Glynn: One point there’s a church camp, go away for three weeks. It was church camp. I think I was 14 or 15 and they have a dance. Now they pull you aside and they tell you, you’re not allowed to dance with anybody interrupting, you’re not allowed to sit next to a girl of another race, and I’m just like, “What? Really? I mean, I know I heard it. I know y’all said it, but how can it really be?” I’m there, there might be three other black girls. And there’s like, hundreds of white people. I said, “You’re looking stupid and I don’t want this thing.” “This stinks, this is not for me.” And the cutest, most darling, beautiful girl, white girl comes up to me and asked me if I would dance. I thought, well, it’s kind of dark. And if I kind of bend down a little bit and we get right in the middle of a group, maybe I can pull this off, which I try and no I do not pull this off.
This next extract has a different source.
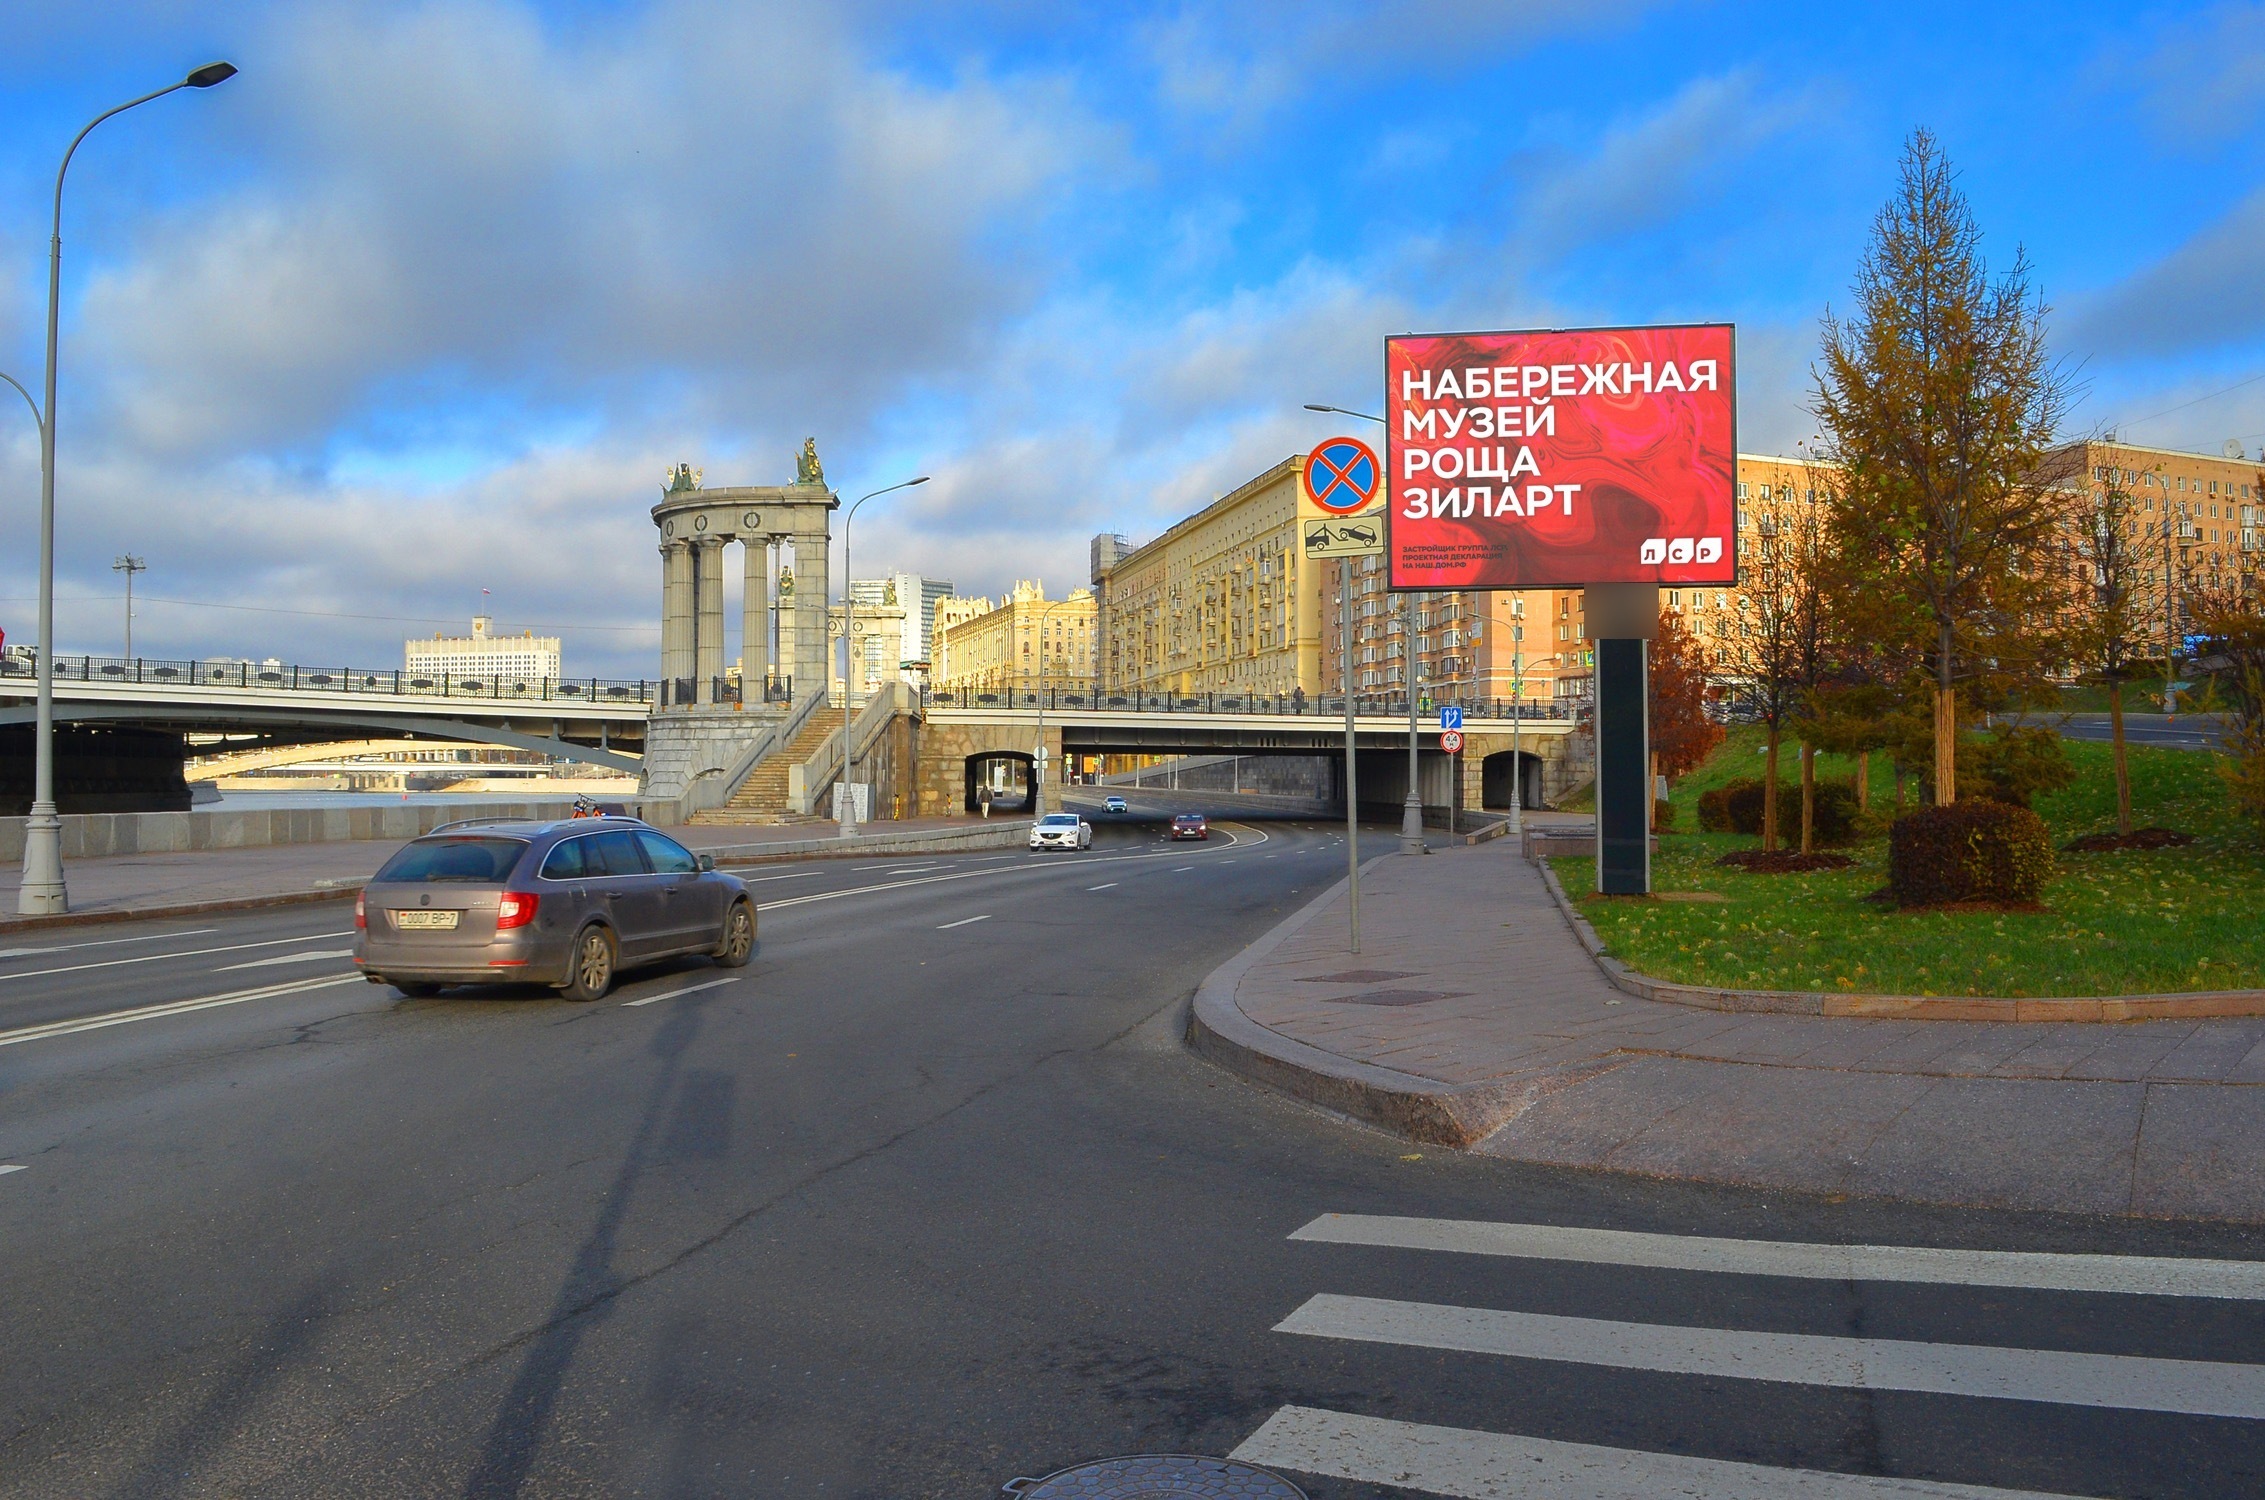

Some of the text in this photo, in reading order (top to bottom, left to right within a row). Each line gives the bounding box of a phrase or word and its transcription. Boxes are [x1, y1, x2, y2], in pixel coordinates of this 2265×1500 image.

Glynn: It takes all of about 15 seconds before I get a tap on the shoulder and I get called at the back room office and get the scolded of how deep I’m out there defiling this white girl, and I should know better and it’s wrong. And then he could call my parents, all this kind of stuff. I was like,” Oh, I’m sorry. You know, it was dark. I didn’t know exactly who was who and what was what.”

Nick: Did you ever keep your personal history, a secret as an adult, or were you always up front about it?

Glynn: No, this is the thing. It’s like, I was an outsider within that group, but I grew up in, but I was very much in the group. But as a black kid, you’re just kind of on the edges of it. And then realized that I was leaving. I had to go away and I wanted to build a life outside of that. I was going to college and I go, and I’m an alien on top of an alien. I had to fake normalcy. Like I had never been to a birthday party. Birthday parties were not allowed. You can celebrate your own birthday. And I didn’t know what to do when all of a sudden people threw me a surprise party. I was petrified, confused. What is happening?

Glynn: All the things that people take for granted in the United States, the prom, the homecoming, all that stuff. I didn’t have any history of that. I didn’t know any of that stuff. I didn’t have a high school experience that paralleled anyone because everything that we did, I had to be in church. I never went to a football game. I never asked a girl to dance. I never did any of that stuff. And I had to pretend like I was like, everybody else. I wanted all that to be the biggest secret ever. I do not lead with how you doing darling. I grew up in a cult, so I’m not sure how this step goes or what
this dance is or what to say. It was almost like I was at a middle school or trying to pretend like he’s a high school senior.

Nick: Do you think there’s any other secrets that has had a bigger impact on your life?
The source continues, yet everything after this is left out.